CH hardness with water softener

Tfpoolfromthestart

Gold Supporter
Feb 8, 2022
100
Arizona
Pool Size
13000
Surface
Plaster
Chlorine
Salt Water Generator
SWG Type
CircuPool RJ-16 Plus
My pool was filled with the water softener off. I have a total hardness of 200ppm at the moment but want to bring it up too 350ppm so I don't have to worry about my plaster getting ruined. Will this be too high. Pool store calcium is super expensive. Can I have a list of alternatives? Will ice melt work I found some on Amazon.

To add my water softener has since been turned back on and will be topped off with softened water. With that being said how close of an eye should I keep on the hardness?

Thank you in advanced. Everyone has been great
 
Normally in AZ I would not add calcium. Local water is much too hard. But let's confirm a couple things:
1 - Is this a new pool fill (new plaster)?
2 - Are you sure your outside water hoses are softened? Usually it's only the house water and the outside hose bibs remain hard.

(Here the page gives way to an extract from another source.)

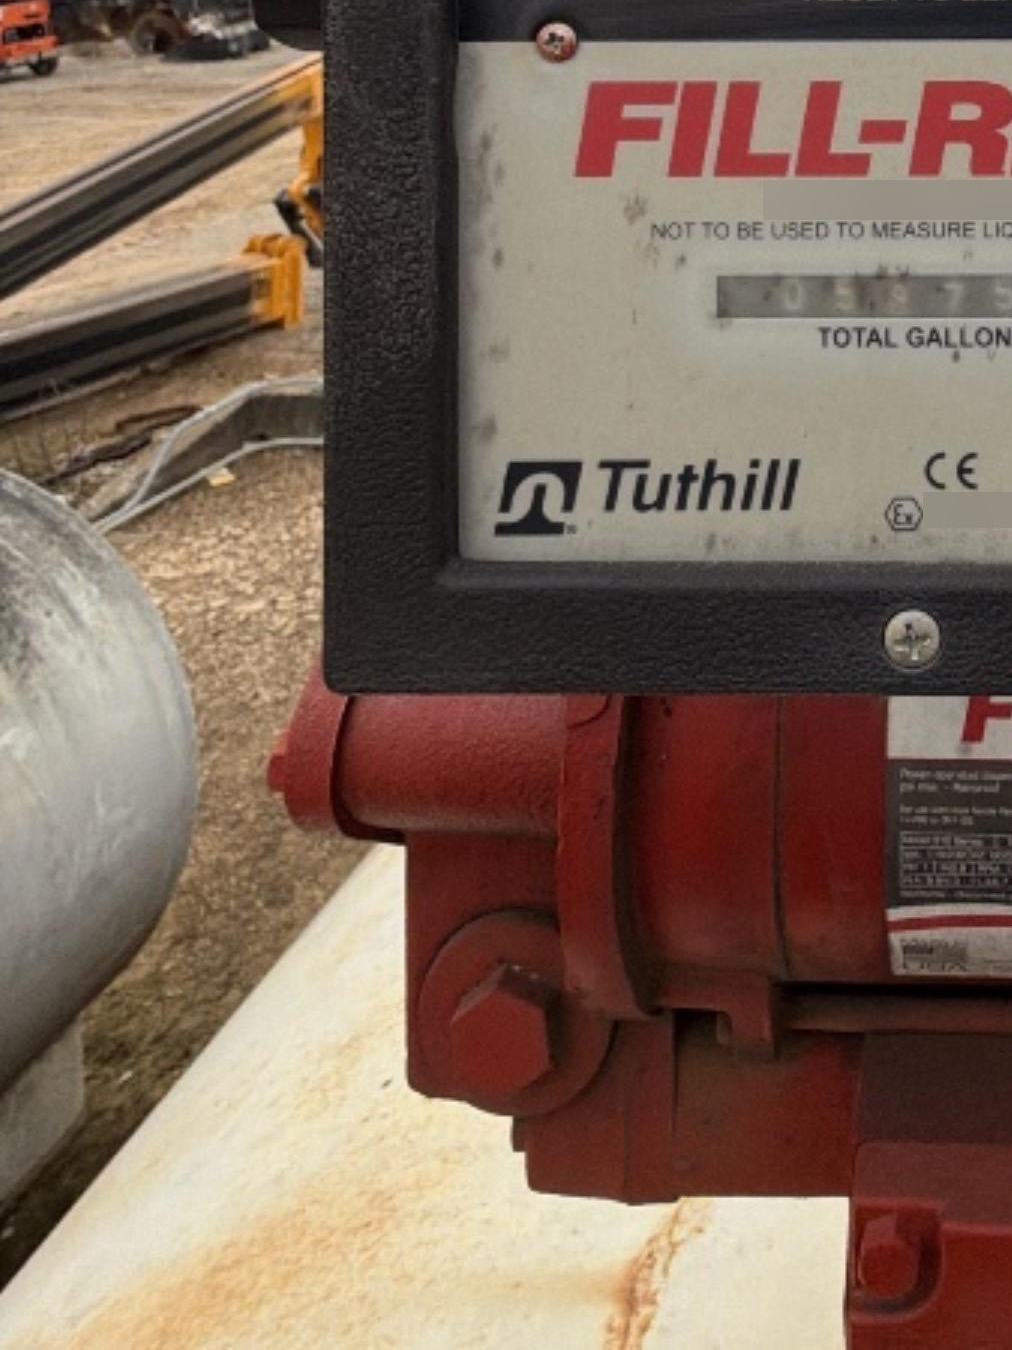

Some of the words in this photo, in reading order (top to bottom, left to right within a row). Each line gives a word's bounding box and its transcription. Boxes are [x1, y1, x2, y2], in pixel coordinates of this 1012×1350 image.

With a CH of 200, I would just allow the pH to ride high at about 7.8 - 8.0 to compensate until the CH climbs then you should be okay. Use the PoolMath APP, enter all of your Taylor K-2006C test results, and look for the "CSI" result. As long as it's not below -0.6 you should be fine. HOWEVER, if this is a new plaster build, then you do want the CSI closer to neutral (zero) or even slightly positive for the first 30 days to assist with plaster curing. So again, see what the PoolMath APP shows for your CSI with your test results to be sure. If you do end-up requiring some calcium, do the minimum amount to get you to about 250.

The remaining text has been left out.